Why May 12th Matters
This day honors Florence Nightingale's birthday. Born in 1820, this dedicated pioneer created the foundation of modern nursing. But according to her diary entries, Florence likely battled undiagnosed fibromyalgia for most of her adult life.
Two hundred years ago, doctors couldn't recognize fibromyalgia, so people suffered in silence—constantly in pain, exhausted, and sick with no explanation.
Today, tragically little has changed. We may know the name "fibromyalgia," but that's where progress stops. Getting diagnosed remains painfully slow, and treatment even slower. It's like being handed a map to a destination that doesn't exist on anyone's GPS—doctors may have heard of fibromyalgia in passing but can't find it easily, leaving patients wandering in medical limbo with directions to nowhere.

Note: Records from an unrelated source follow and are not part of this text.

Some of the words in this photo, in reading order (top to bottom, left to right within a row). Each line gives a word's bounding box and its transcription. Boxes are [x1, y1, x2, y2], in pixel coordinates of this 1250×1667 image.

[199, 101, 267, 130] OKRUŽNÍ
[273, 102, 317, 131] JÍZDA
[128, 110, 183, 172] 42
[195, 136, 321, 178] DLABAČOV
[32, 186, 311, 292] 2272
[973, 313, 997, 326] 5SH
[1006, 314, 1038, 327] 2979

The numbers tell the story: approximately 160 million people worldwide share Florence's struggles, with 5 million in North America alone. (1, 2) I am one of them.
My Story: From Nurse to Patient
I've been living with fibromyalgia for about 30 years. Before my diagnosis, like Florence, I worked as a Registered Nurse, helping patients regain their health. Yet when it came to my own health, neither I nor my healthcare providers seemed able to help me!

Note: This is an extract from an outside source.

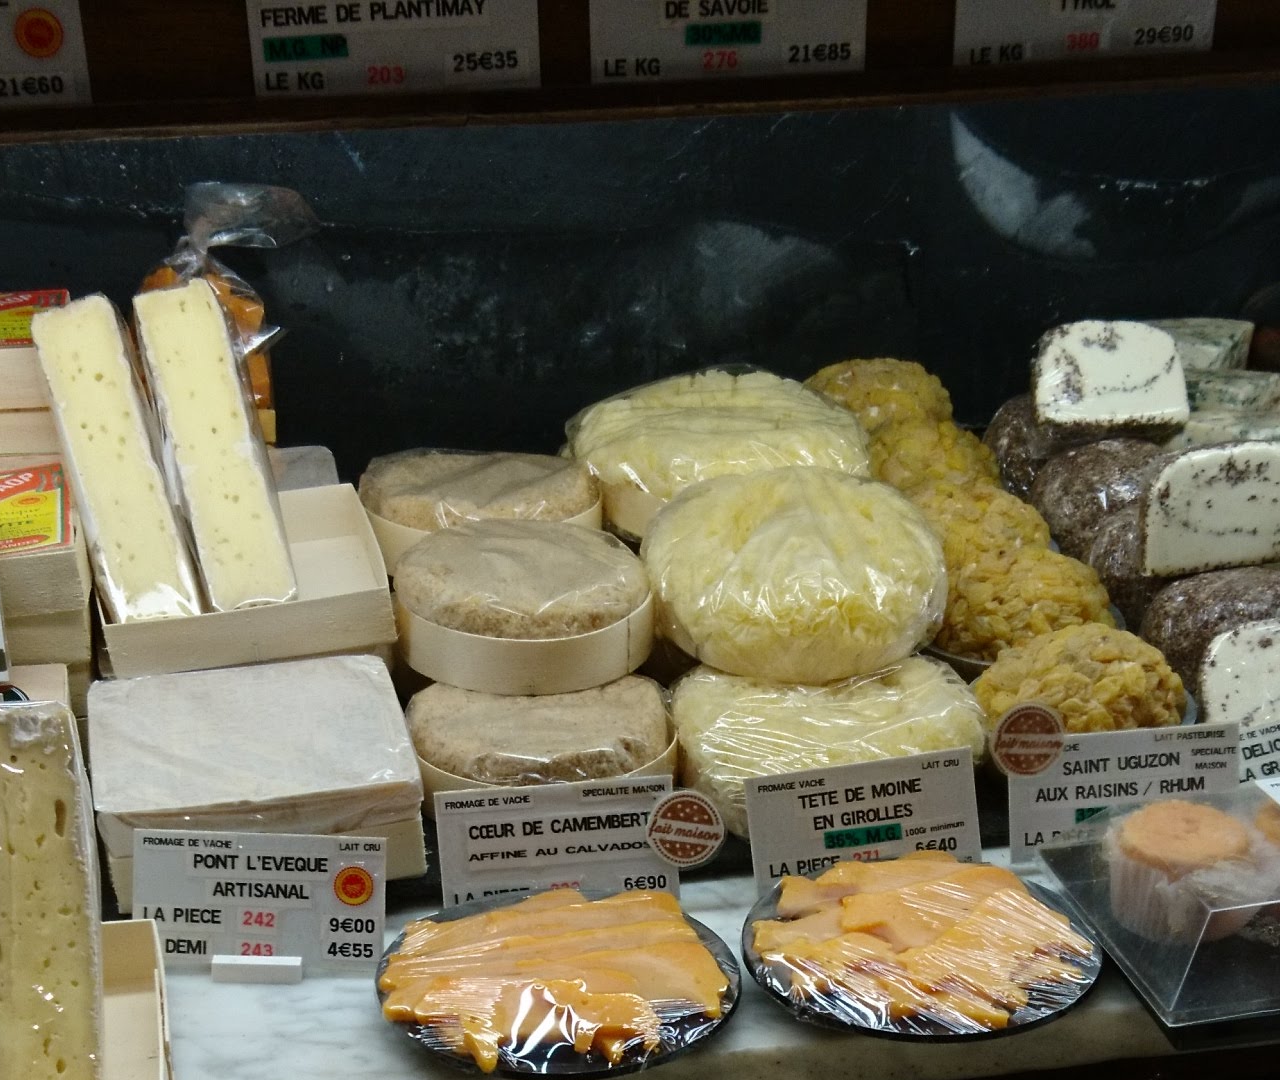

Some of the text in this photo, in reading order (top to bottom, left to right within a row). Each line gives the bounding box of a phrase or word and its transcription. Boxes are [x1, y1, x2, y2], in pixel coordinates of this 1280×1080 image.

Twenty years. A complete health collapse. That's what it took to finally get my fibromyalgia diagnosis. Throughout those years—raising children, working full-time, caring for aging parents—we were looking in all the wrong places while I fought a secret war against an invisible enemy that conventional medicine couldn't detect or treat.

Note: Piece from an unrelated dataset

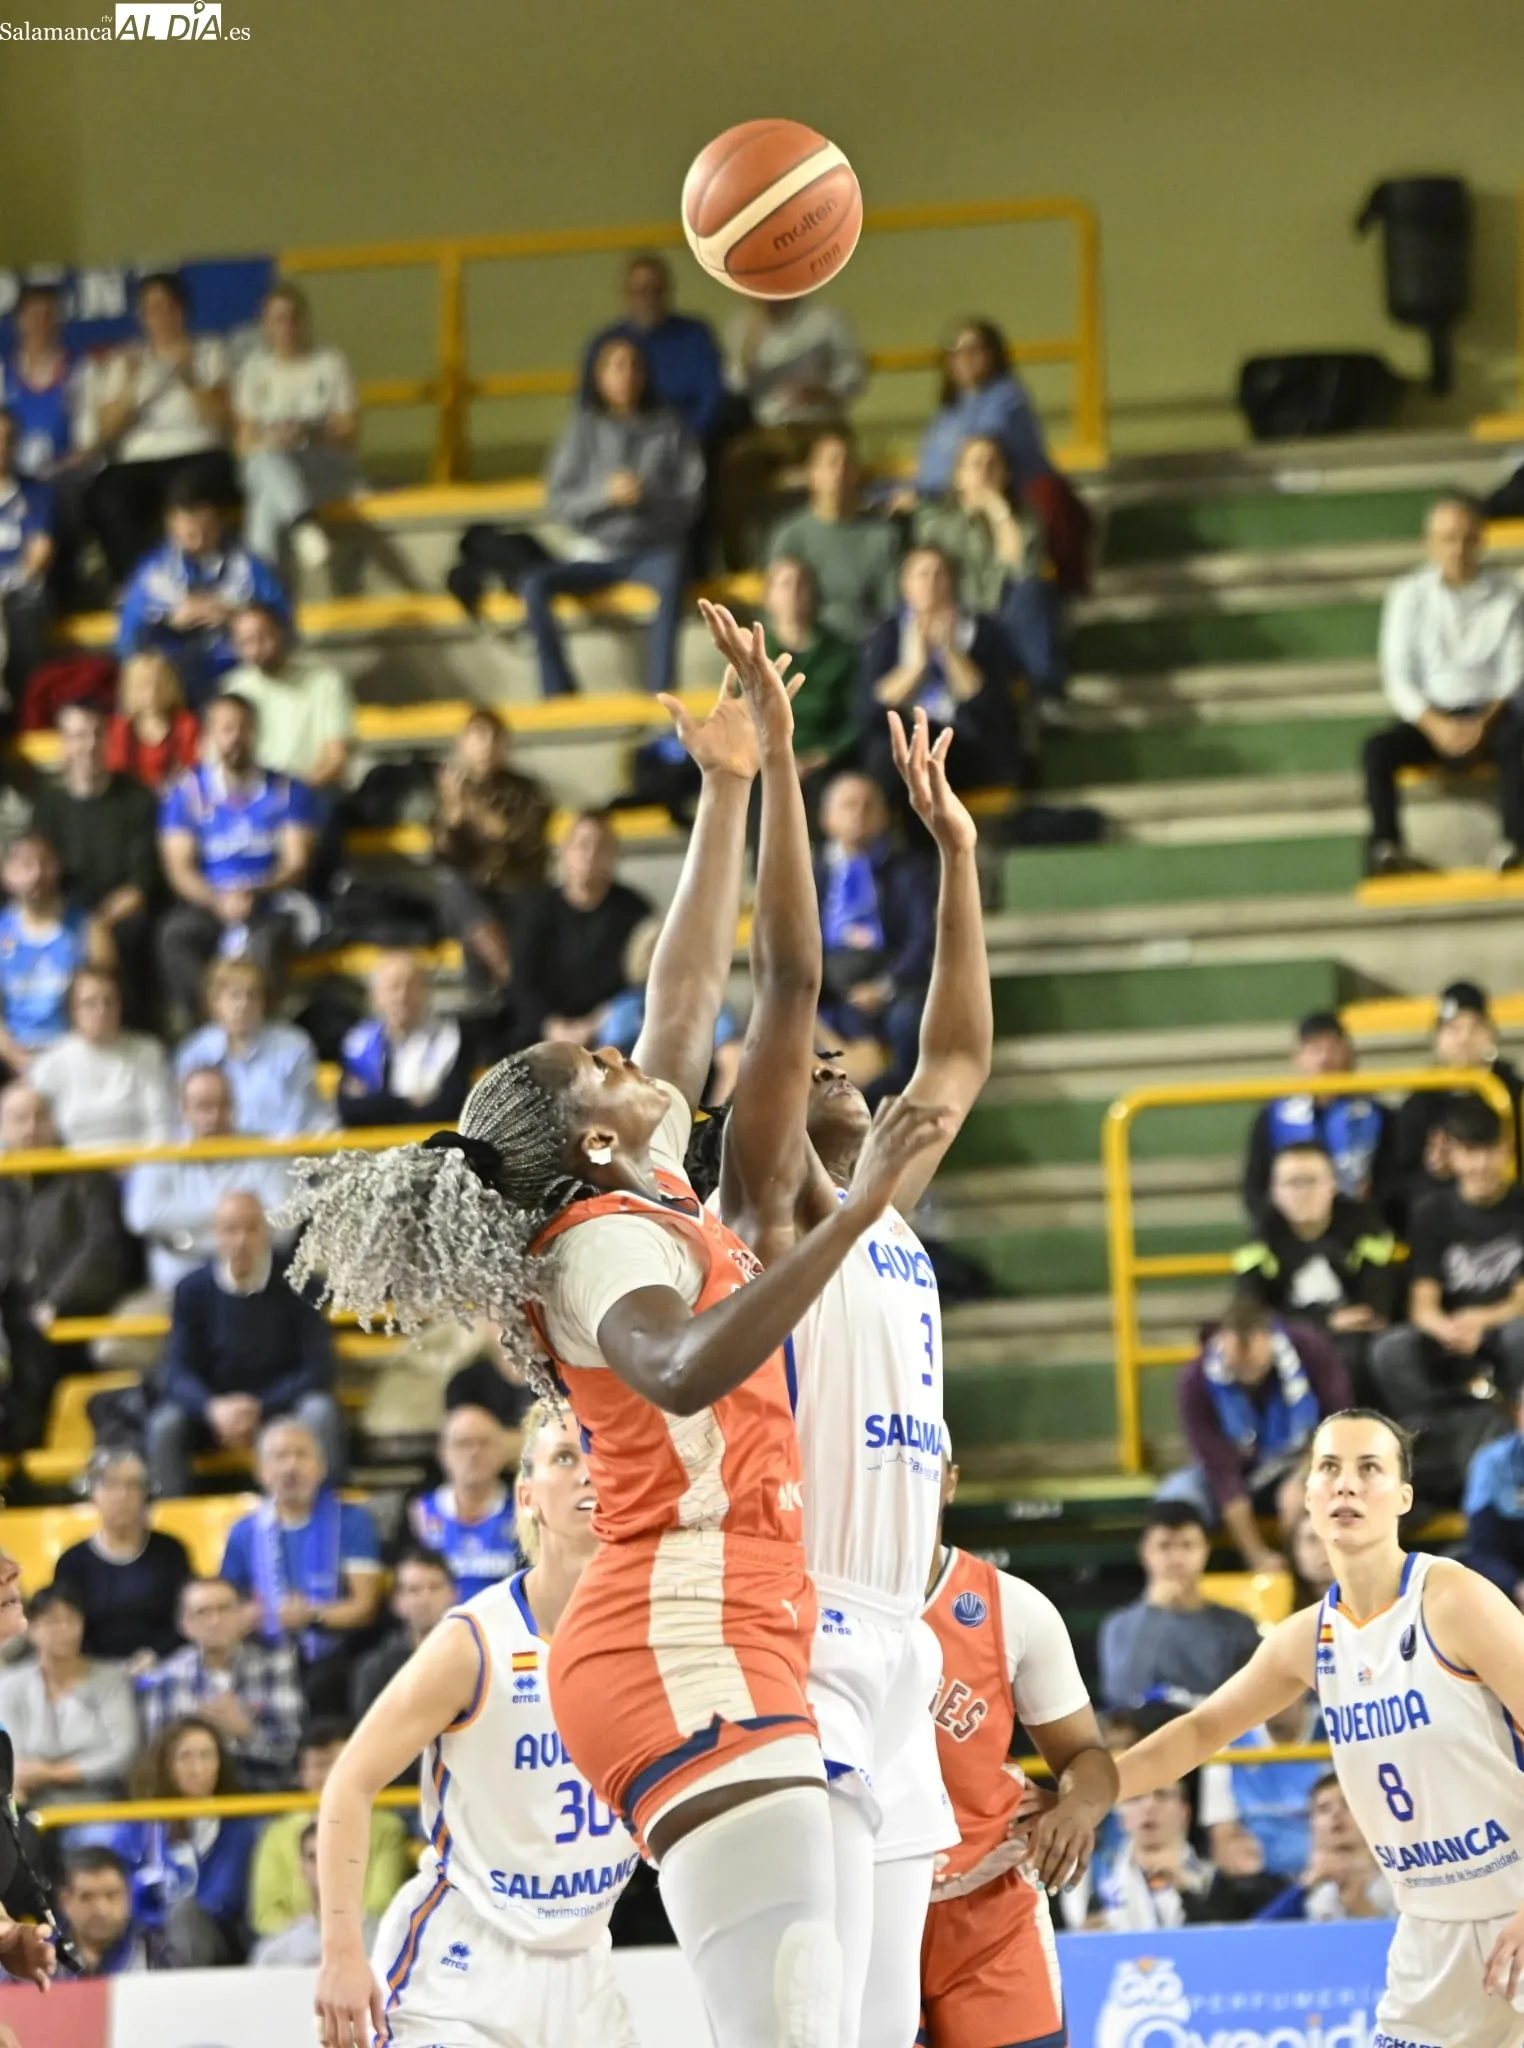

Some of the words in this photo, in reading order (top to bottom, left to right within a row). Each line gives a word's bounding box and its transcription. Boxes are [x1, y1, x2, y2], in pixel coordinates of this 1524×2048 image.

It felt like living in a peculiar kind of medical twilight zone or purgatory. I followed all the rules: healthy diet and regular exercise. Why wasn’t my body responding?
The Education Gap That Costs Lives
Looking back, I understand why my healthcare providers were so ill-equipped to help me. In my nursing school, we spent a mere five minutes on fibromyalgia. Today's nursing students are shockingly sometimes taught that fibromyalgia is a mental illness with no physiological basis! Even medical students typically receive less than one hour out of their years of education, learning about this physically debilitating condition! How can we expect proper diagnosis and treatment when healthcare professionals barely even seem to know about it?
Hidden in Plain Sight
On the outside, I looked fine, and my blood work results were normal. The doctors and specialists I saw never even thought of fibromyalgia as a possibility—no wonder we say fibromyalgia is an invisible illness!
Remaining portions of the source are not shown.